WHAT IS NEEDED: Leave out the images and set down the records below exactly.

INPUT RECORDS:
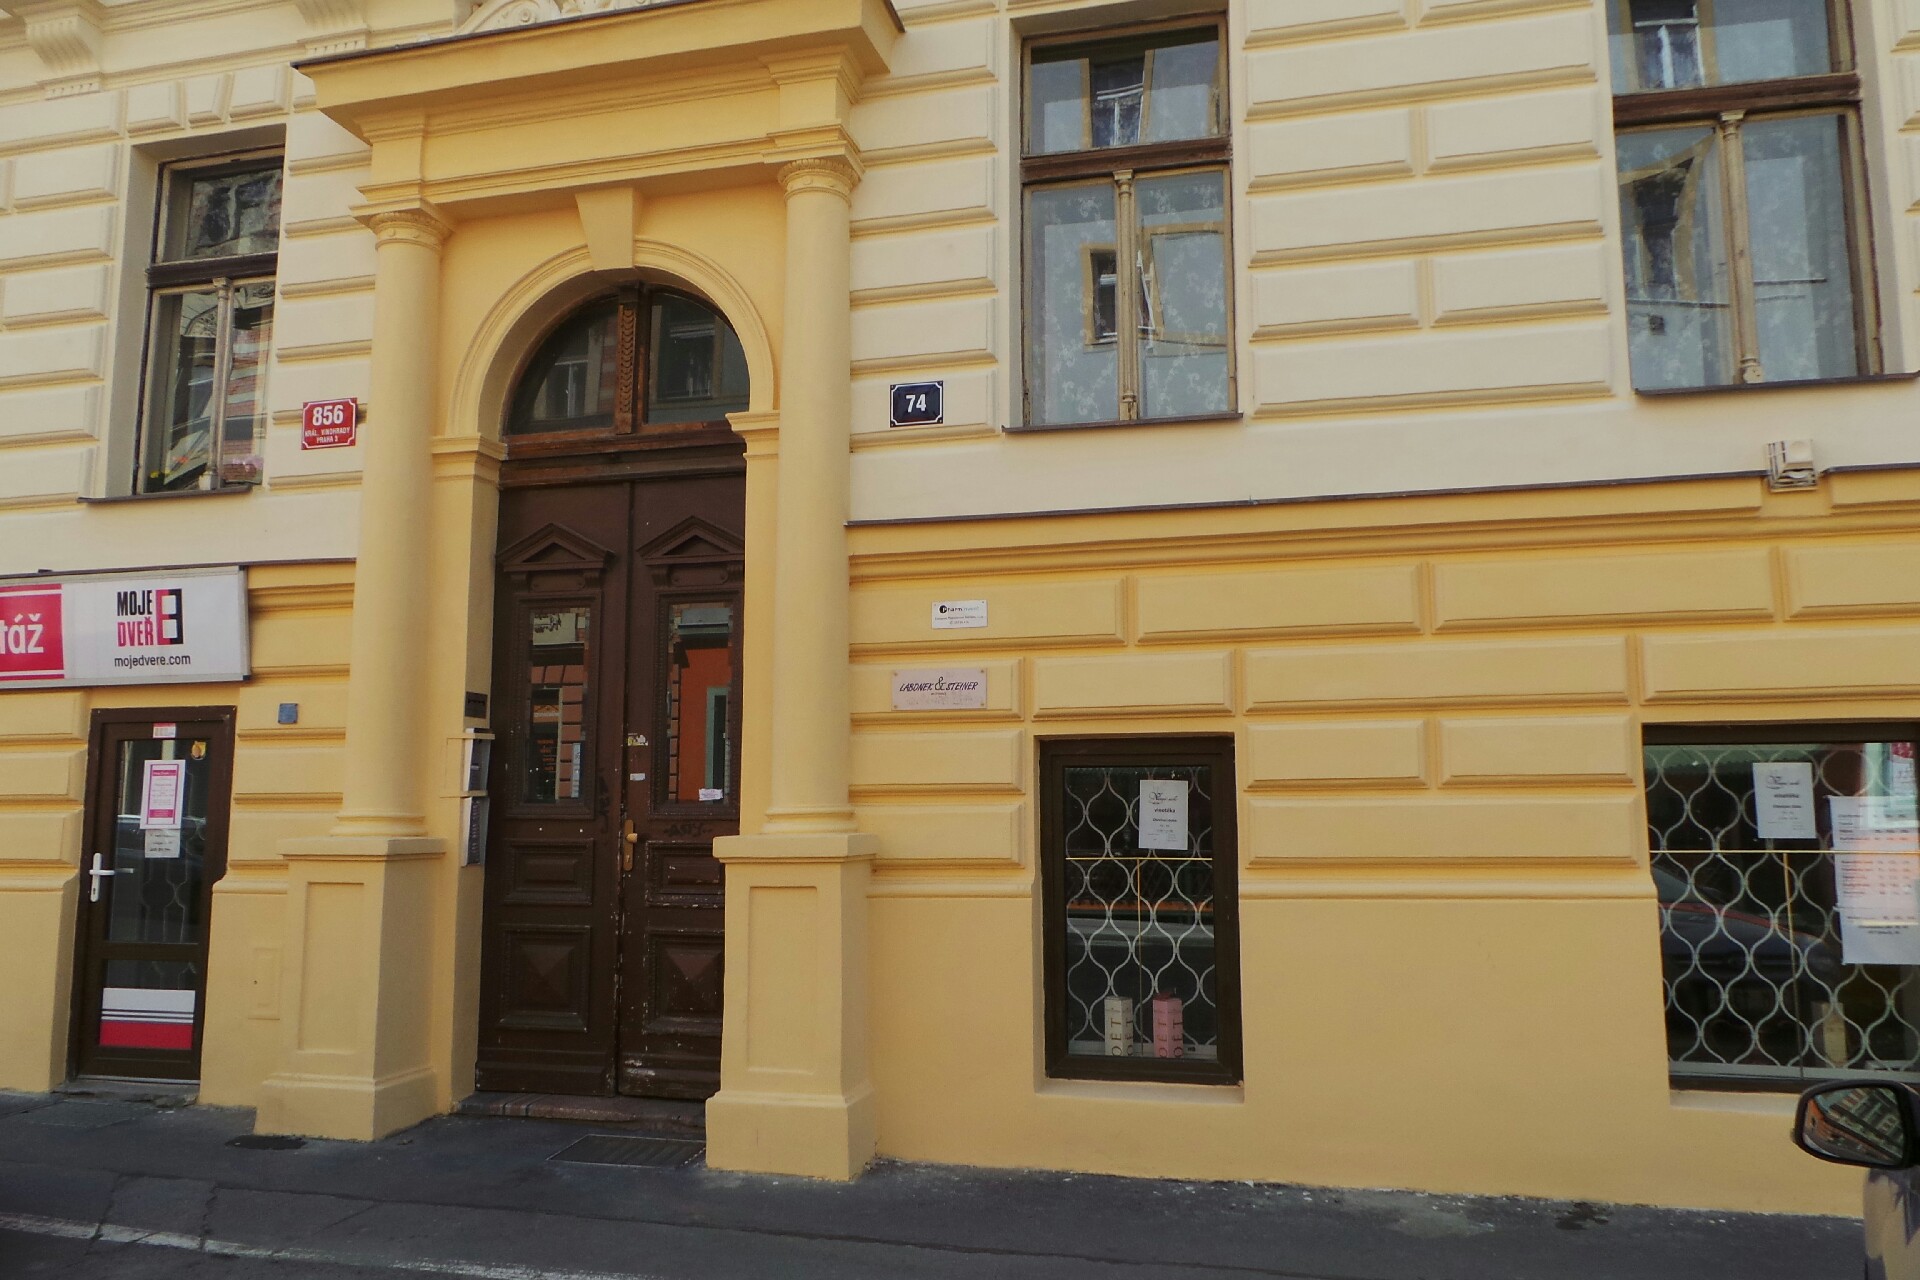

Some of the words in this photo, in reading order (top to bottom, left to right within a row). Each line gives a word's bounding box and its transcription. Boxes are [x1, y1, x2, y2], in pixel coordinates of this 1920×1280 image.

[905, 394, 927, 412] 74
[312, 405, 344, 426] 856
[117, 589, 153, 616] MOJE
[114, 653, 191, 668] mojedvere.com
[934, 676, 946, 691] &
[946, 681, 979, 691] STEINER
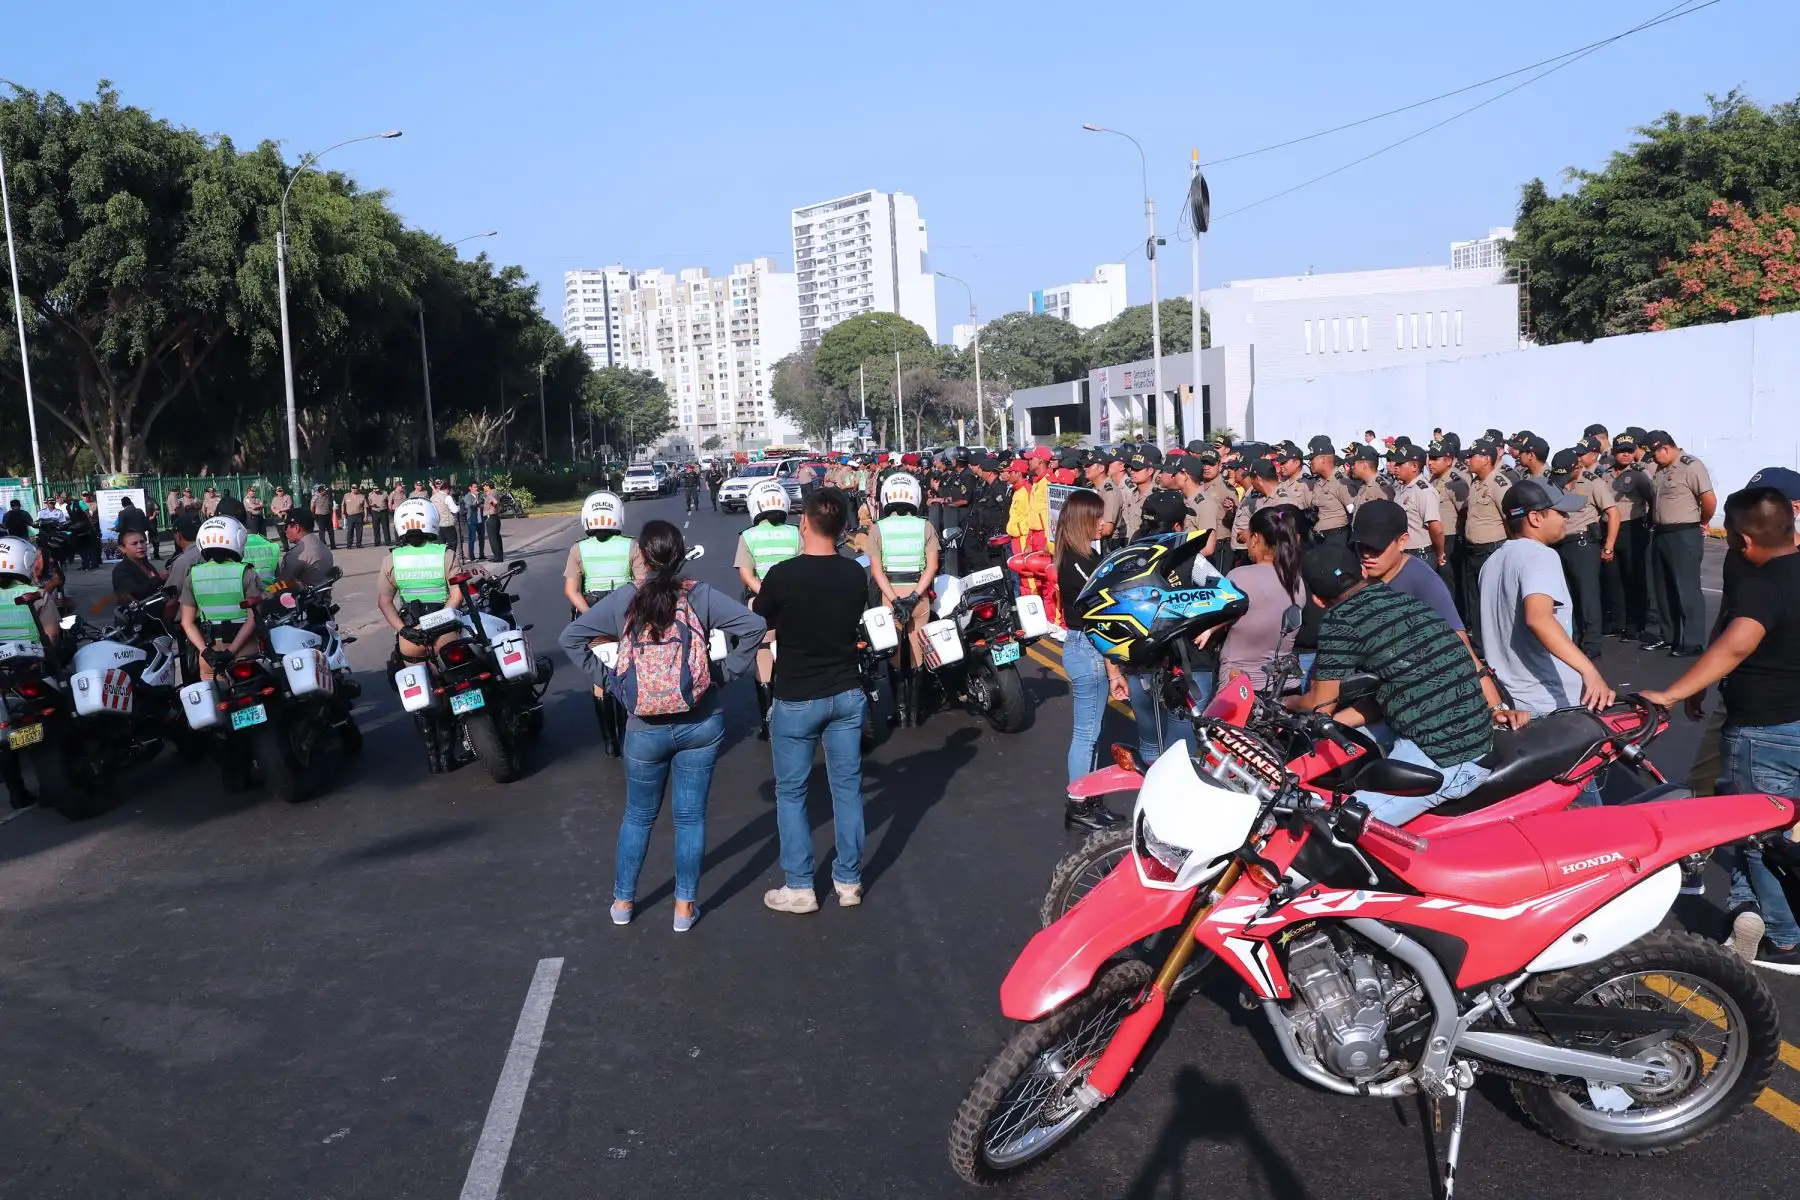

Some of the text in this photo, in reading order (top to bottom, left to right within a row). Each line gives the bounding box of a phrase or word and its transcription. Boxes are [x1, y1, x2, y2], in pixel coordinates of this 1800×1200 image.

FINISHED TASK:
Some of the words in this photo, in reading order (top to bottom, left to right within a row). Each line gives a word's bounding box and its transcription. Boxes are [x1, y1, x2, y2], in pixel coordinates of this 1920×1280 image.

[905, 394, 927, 412] 74
[312, 405, 344, 426] 856
[117, 589, 153, 616] MOJE
[114, 653, 191, 668] mojedvere.com
[934, 676, 946, 691] &
[946, 681, 979, 691] STEINER

Some of the text in this photo, in reading order (top to bottom, left to right within a row). Each line gives the bounding box of a phrase or word and its transcription. Boxes are [x1, y1, x2, y2], in pixel coordinates of this 1800×1200 image.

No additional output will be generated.